-- YOUR ASSIGNMENT --
Having found the line that contains "this 2352×1568 image.", please retype only it and every line after it up to the end of the entries, exactly as written.

Spatial localization data
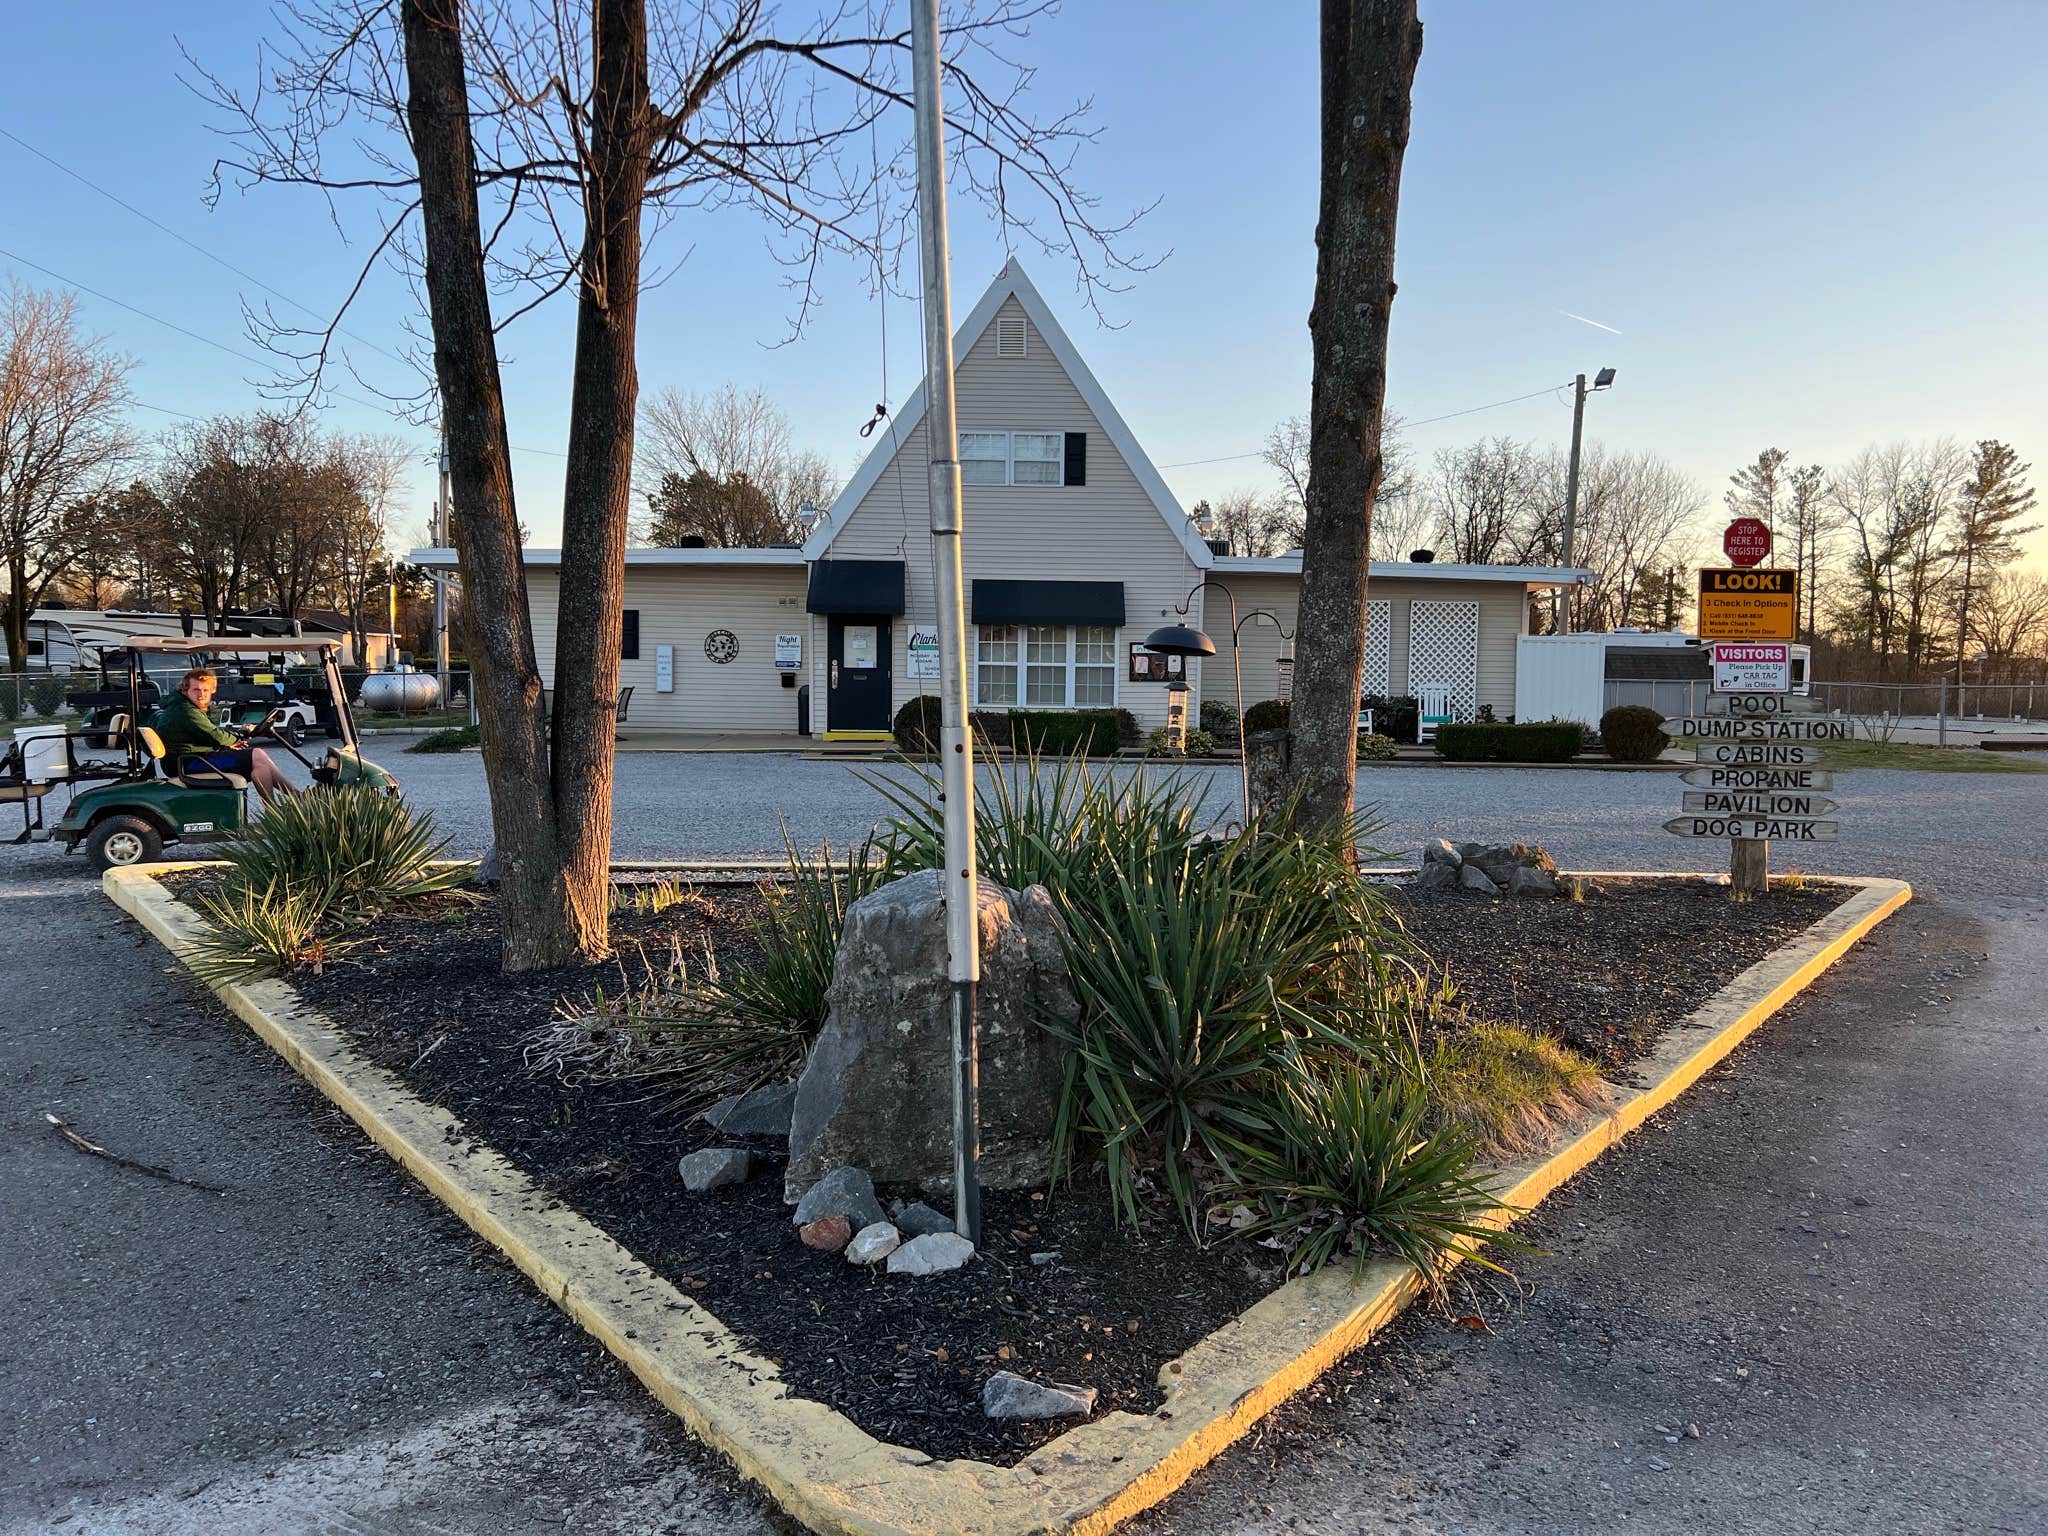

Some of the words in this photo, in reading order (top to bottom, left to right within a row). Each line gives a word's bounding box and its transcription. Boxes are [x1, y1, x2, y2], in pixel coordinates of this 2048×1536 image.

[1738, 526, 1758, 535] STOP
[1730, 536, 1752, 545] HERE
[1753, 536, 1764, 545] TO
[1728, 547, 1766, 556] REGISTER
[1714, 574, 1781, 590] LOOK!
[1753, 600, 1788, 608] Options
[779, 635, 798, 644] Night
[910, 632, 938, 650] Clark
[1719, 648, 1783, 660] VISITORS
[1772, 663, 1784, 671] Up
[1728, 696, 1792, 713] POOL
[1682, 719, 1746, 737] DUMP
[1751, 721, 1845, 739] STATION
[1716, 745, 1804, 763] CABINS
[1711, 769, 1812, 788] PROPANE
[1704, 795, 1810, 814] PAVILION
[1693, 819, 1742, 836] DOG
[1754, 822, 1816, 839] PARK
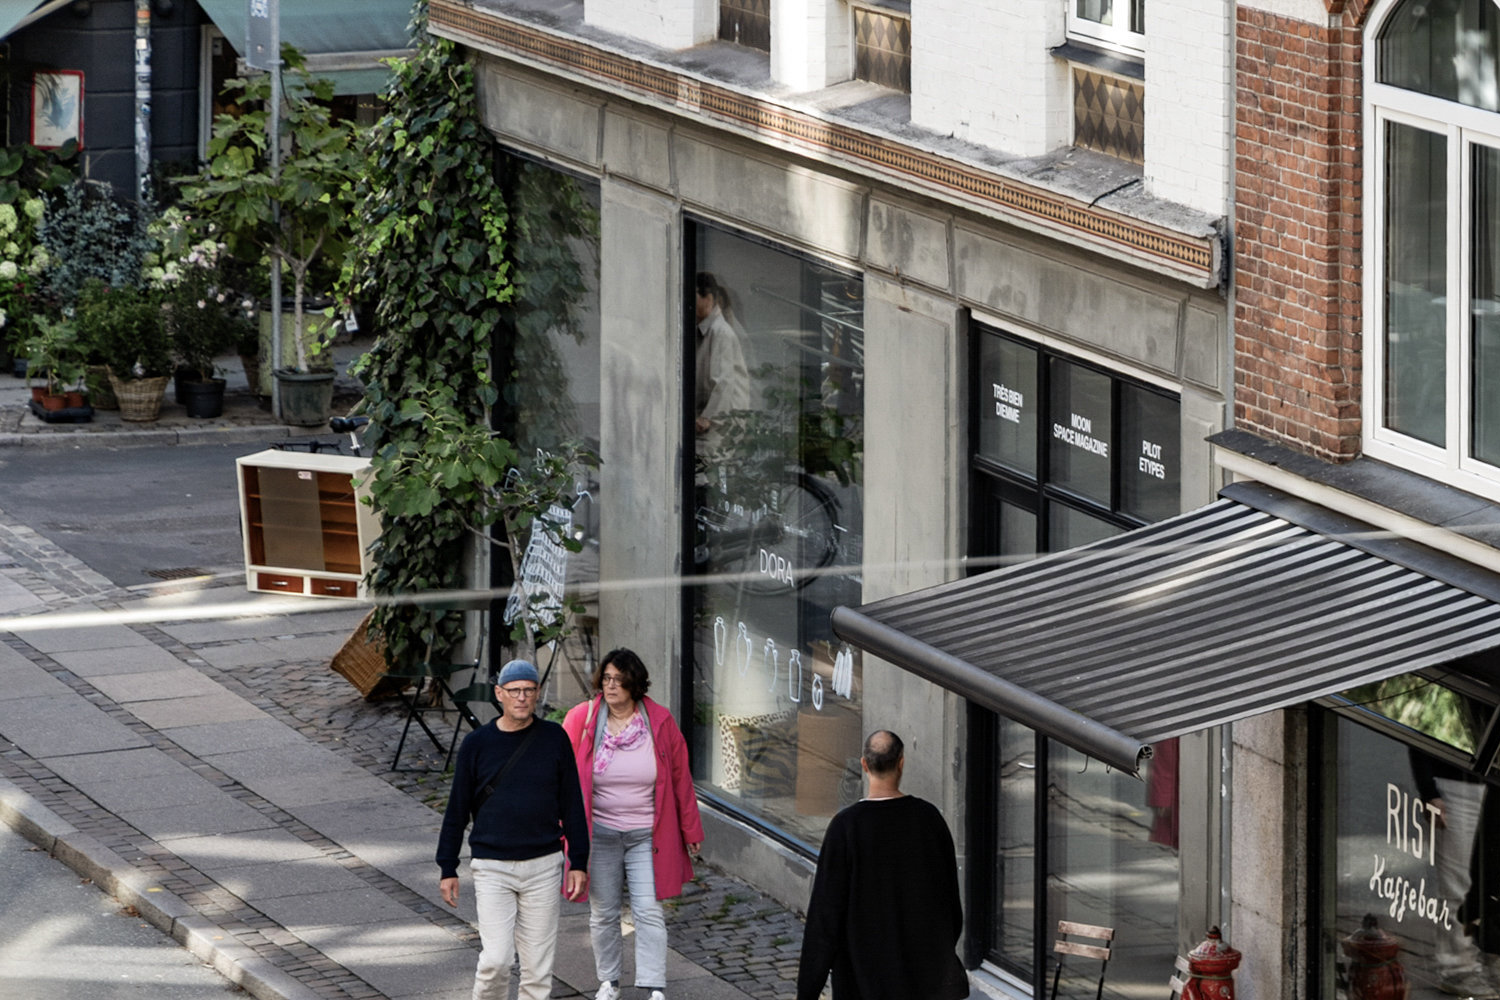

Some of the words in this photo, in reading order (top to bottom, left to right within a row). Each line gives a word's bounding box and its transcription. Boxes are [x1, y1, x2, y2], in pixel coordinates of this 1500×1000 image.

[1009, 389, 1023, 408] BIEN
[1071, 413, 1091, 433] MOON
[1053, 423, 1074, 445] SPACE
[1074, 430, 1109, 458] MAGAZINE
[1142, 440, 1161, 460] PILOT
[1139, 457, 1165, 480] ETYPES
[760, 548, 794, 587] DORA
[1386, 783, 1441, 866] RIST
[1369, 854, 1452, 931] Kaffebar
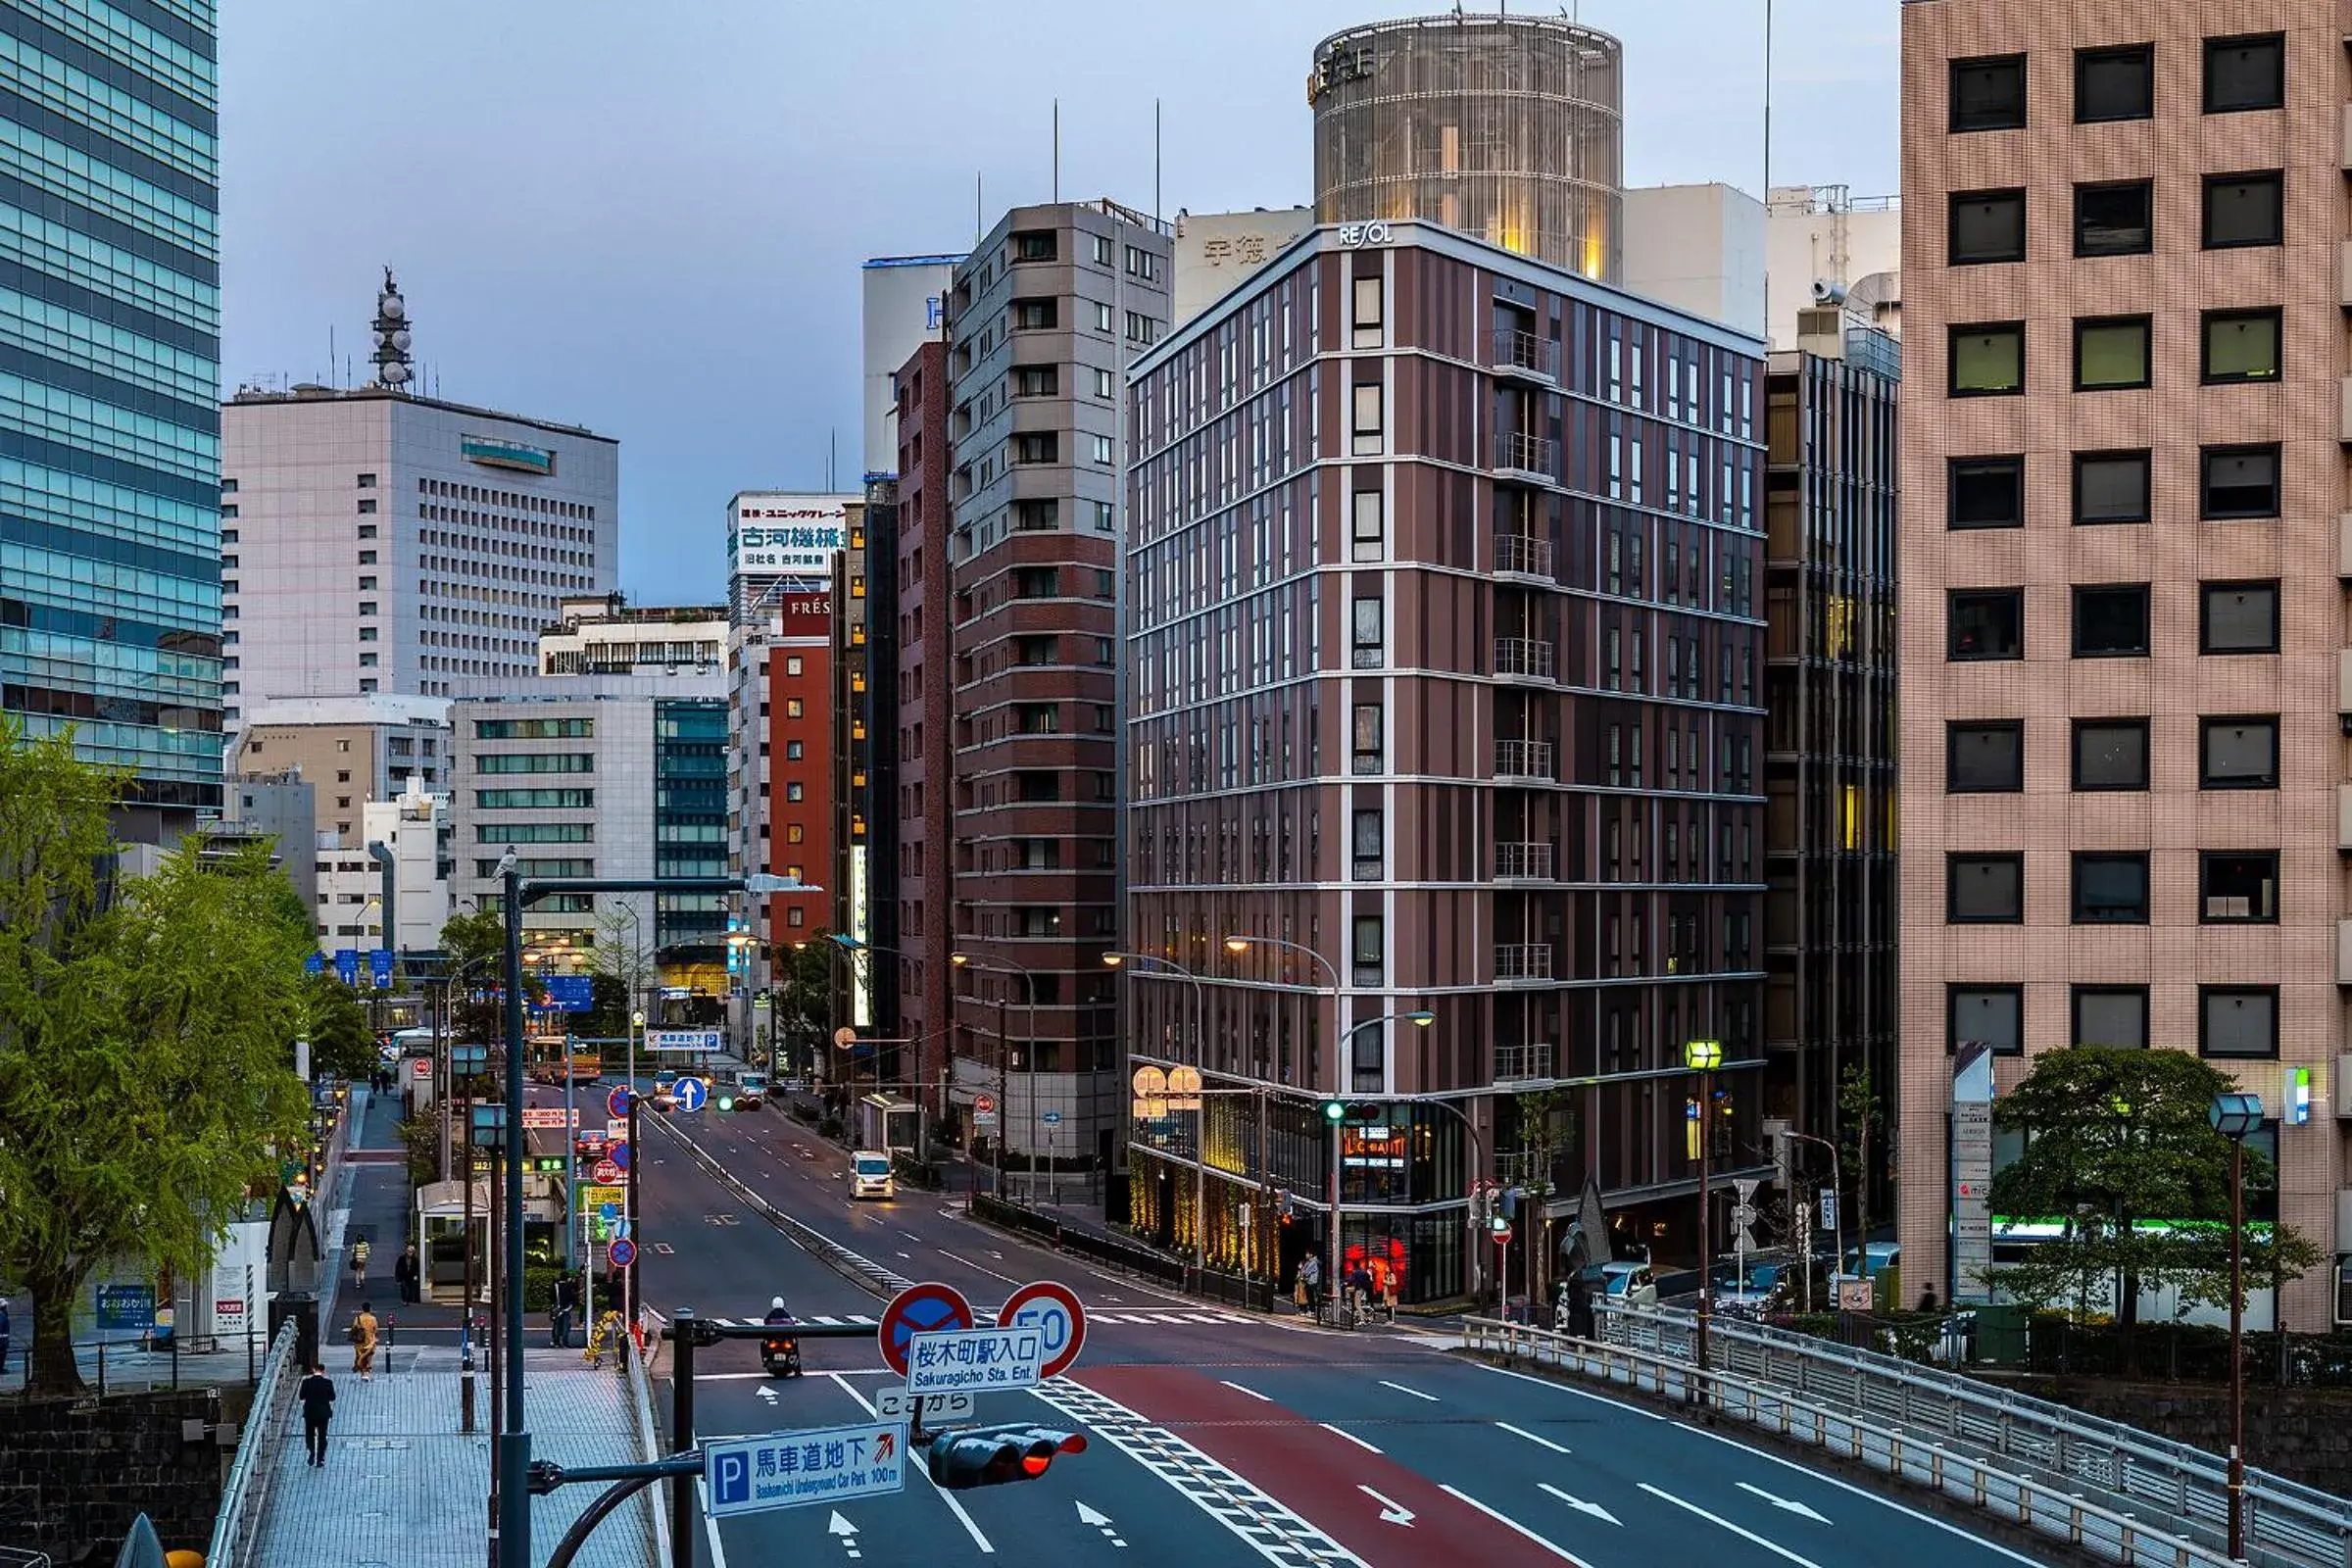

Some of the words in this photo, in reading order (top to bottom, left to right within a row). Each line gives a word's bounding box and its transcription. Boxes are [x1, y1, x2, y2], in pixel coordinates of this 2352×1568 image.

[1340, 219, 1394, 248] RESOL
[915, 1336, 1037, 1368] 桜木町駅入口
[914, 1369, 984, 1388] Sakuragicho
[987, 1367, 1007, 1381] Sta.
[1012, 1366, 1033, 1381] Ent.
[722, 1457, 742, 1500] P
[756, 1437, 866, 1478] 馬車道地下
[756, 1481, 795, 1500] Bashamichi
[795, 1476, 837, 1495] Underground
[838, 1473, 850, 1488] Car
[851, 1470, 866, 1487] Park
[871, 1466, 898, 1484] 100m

-- RESULT FOR THIS EXERCISE --
Some of the words in this photo, in reading order (top to bottom, left to right within a row). Each line gives a word's bounding box and its transcription. Boxes are [x1, y1, x2, y2], in pixel coordinates of this 2352×1568 image.

[1340, 219, 1394, 248] RESOL
[915, 1336, 1037, 1368] 桜木町駅入口
[914, 1369, 984, 1388] Sakuragicho
[987, 1367, 1007, 1381] Sta.
[1012, 1366, 1033, 1381] Ent.
[722, 1457, 742, 1500] P
[756, 1437, 866, 1478] 馬車道地下
[756, 1481, 795, 1500] Bashamichi
[795, 1476, 837, 1495] Underground
[838, 1473, 850, 1488] Car
[851, 1470, 866, 1487] Park
[871, 1466, 898, 1484] 100m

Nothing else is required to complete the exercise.